As Hoyas prepare to return home for the holidays and be with family and friends, we must remember those who are not as fortunate as we are to enjoy the spoils of the season.
This situation is the case for Austin Tice (SFS ’02), a freelance journalist, who remains captive in Syria more than five years after being taken hostage by a yet unidentified group.
This editorial board previously brought attention to Tice’s plight in 2016. Since then, CIA officials had reportedly set up a back channel with Syria’s National Bureau intelligence service to request assistance in finding Tice.
But cooperation ended in April, after the United States responded to a nerve-gas attack carried out by the Syrian government through a missile strike. In lieu of back-channel negotiations, it is critical to keep Tice’s name in the media, in public consciousness and alive in the Georgetown community to sustain momentum for his case.
Tice is a not only a fellow Hoya, but he also embodies the values Georgetown instills in us every day and is a testament to the university’s educational mission.
After serving seven years in Iraq and Afghanistan as an infantry officer in the U.S. Marine Corps, Tice entered Syria on May 23, 2012. At this point, the situation on the ground in Syria was unknown to most Americans, as major U.S. news outlets had already pulled their journalists out of the country due to safety concerns.
Tice went to Syria with the intent to use his stories to portray the dire nature of the conflict and to raise awreness of the human costs of the then-escalating war by bringing attention to the stories behind the despairing mortality statistics that dominated U.S. headlines.
Tice selflessly risked his life for people he had never met, committing himself to the broader quest for social justice, which is at the core of Georgetown’s Jesuit values. He is an inspiration, not only to student journalists, but to all Hoyas looking to take make a meaningful contribution to the world.
Tice’s character should compel us even more to keep his memory alive.
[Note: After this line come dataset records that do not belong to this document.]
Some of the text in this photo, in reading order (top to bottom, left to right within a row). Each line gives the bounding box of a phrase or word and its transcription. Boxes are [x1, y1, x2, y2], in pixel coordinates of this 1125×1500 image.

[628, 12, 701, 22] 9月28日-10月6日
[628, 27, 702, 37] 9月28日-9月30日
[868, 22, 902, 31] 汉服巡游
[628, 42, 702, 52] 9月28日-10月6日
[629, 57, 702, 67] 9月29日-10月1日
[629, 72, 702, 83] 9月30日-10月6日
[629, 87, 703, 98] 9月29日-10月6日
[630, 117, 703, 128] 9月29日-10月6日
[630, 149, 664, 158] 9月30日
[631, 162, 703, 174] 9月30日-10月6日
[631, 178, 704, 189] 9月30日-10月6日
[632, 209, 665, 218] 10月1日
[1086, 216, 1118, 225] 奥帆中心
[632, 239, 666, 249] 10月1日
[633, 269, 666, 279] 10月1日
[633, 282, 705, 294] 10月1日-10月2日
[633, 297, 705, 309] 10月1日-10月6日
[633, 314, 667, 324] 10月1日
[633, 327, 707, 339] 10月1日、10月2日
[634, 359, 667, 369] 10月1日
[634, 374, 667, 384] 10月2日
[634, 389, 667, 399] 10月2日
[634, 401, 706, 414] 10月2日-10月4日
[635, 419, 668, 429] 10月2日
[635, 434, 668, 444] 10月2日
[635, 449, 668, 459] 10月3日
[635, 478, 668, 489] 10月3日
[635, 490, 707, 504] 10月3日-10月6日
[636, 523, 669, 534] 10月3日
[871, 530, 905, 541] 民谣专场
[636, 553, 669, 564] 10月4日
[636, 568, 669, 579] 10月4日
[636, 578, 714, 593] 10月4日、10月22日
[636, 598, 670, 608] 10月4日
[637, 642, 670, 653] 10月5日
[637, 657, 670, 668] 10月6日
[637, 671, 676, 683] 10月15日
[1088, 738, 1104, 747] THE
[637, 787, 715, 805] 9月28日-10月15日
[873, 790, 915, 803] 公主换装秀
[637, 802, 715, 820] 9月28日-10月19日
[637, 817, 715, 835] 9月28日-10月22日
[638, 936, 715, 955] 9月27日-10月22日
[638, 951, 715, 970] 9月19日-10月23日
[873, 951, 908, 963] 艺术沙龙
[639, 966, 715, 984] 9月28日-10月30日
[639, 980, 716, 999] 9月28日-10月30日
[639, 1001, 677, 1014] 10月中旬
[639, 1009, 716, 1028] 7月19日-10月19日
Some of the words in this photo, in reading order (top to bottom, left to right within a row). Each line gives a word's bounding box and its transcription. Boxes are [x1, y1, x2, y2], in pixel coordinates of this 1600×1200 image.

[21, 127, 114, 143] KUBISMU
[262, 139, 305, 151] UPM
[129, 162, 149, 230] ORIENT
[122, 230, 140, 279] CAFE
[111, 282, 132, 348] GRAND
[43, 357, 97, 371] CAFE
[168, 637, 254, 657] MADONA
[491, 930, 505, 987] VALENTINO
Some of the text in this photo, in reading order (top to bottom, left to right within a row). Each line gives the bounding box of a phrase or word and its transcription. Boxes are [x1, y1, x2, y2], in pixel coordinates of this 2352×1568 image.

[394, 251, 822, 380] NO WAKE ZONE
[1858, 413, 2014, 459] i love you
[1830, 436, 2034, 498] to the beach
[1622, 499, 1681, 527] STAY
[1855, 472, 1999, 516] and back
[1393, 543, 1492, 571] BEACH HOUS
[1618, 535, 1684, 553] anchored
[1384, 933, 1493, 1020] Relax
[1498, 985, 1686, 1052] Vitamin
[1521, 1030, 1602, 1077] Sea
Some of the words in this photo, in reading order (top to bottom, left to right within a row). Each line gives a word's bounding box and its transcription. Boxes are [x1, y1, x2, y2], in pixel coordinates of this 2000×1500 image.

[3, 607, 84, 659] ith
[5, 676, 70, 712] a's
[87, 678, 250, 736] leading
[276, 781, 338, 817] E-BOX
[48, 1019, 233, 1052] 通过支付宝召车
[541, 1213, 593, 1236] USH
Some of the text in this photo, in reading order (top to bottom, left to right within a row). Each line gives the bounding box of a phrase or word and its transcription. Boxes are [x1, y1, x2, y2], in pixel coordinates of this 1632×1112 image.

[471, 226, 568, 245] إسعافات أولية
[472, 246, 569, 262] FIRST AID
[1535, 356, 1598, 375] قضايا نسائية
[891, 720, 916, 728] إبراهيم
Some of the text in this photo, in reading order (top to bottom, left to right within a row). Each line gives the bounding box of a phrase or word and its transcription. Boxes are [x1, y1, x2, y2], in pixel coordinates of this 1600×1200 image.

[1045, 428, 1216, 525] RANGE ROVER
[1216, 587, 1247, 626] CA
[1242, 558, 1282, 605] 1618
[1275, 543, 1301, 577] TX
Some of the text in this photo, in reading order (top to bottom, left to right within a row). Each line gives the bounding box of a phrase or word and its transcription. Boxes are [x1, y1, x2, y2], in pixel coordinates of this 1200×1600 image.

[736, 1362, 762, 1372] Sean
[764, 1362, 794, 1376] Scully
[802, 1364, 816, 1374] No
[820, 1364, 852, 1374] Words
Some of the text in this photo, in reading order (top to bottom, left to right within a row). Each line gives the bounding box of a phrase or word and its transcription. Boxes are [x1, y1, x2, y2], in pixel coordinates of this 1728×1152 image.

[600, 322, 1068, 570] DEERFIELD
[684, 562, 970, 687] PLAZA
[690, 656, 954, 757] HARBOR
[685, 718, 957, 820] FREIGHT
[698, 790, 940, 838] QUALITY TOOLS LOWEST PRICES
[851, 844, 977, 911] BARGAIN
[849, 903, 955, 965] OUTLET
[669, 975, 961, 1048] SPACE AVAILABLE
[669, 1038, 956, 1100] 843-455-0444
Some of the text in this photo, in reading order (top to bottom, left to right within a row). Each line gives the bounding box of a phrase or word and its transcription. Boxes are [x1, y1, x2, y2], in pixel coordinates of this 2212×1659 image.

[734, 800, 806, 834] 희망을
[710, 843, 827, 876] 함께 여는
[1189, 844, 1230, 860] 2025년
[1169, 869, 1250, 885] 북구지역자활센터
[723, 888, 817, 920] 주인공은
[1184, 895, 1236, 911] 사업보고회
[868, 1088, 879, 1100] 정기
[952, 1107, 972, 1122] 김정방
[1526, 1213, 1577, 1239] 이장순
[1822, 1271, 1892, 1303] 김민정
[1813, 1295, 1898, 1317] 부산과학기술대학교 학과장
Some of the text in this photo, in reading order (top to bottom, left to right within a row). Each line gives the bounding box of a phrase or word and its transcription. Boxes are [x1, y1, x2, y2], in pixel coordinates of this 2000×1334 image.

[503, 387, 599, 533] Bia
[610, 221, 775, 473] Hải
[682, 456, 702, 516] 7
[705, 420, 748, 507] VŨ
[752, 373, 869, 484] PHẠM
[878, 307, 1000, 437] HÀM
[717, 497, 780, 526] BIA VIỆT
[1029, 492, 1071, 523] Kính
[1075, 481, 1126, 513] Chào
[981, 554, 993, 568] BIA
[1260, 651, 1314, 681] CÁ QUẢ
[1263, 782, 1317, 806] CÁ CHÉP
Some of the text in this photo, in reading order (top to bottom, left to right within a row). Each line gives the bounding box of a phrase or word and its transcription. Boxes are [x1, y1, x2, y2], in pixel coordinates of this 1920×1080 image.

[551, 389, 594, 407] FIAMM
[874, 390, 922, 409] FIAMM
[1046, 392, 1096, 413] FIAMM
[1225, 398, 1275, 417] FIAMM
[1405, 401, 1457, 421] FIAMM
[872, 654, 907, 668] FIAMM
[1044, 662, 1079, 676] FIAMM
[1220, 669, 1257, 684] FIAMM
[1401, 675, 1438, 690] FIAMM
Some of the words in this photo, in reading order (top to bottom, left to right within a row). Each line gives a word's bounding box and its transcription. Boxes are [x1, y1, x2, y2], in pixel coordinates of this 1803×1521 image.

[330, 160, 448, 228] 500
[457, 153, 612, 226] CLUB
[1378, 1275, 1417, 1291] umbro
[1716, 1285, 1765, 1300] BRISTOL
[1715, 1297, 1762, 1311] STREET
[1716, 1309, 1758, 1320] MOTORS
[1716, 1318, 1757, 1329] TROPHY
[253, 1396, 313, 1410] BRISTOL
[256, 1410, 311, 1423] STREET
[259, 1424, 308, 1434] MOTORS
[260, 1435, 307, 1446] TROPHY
In 2016, this editorial board called students to support The Washington Post — for which Tice freelanced — in publicizing his case. More than a year after that editorial, the board commends the student activism that has taken place on behalf of Tice.
Whether through protests at the White House, participation in public ceremonies, or letter-writing campaigns and events on campus, Tice has remained present in the Georgetown community over the course of his captivity.
Most importantly, these efforts have not been in vain. Less than a year ago, a group of Georgetown students, alongside journalism program Director Barbara Feinman Todd and Associate Vice President for Federal Relations Scott Fleming, delivered a petition signed by 1,000 members of the Georgetown community calling the Trump administration to take a strong stance in Tice’s case. Marc and Debra Tice, Tice’s parents, recently informed this group that the petition was presented to members of the National Security Council, who used it to demonstrate support for him at the U.S. State Department.
As we take a break from our classes, jobs and other pressures to reflect on our gifts and blessings, let us also reflect on how we can help Tice return home, be by joining larger-scale movements like Reporters Without Borders’ #FreeAustinTice campaign, getting involved in events organized by Georgetown’s own journalism department, or gathering a group of students to pressure U.S. government officials to continue pushing for Tice’s return.
To Marc and Debra, we hope this holiday season renews the spirit of the fight for Tice’s release, and that in a matter of a year’s time, this paper can report his return.
Let us not forget him.
Correction: An earlier version of this editorial stated that more than 5,000 students had signed the petition sent to the State Department. The organizers had set this goal when they first announced the campaign but ultimately sent the petition after it reached 1,000 signatures.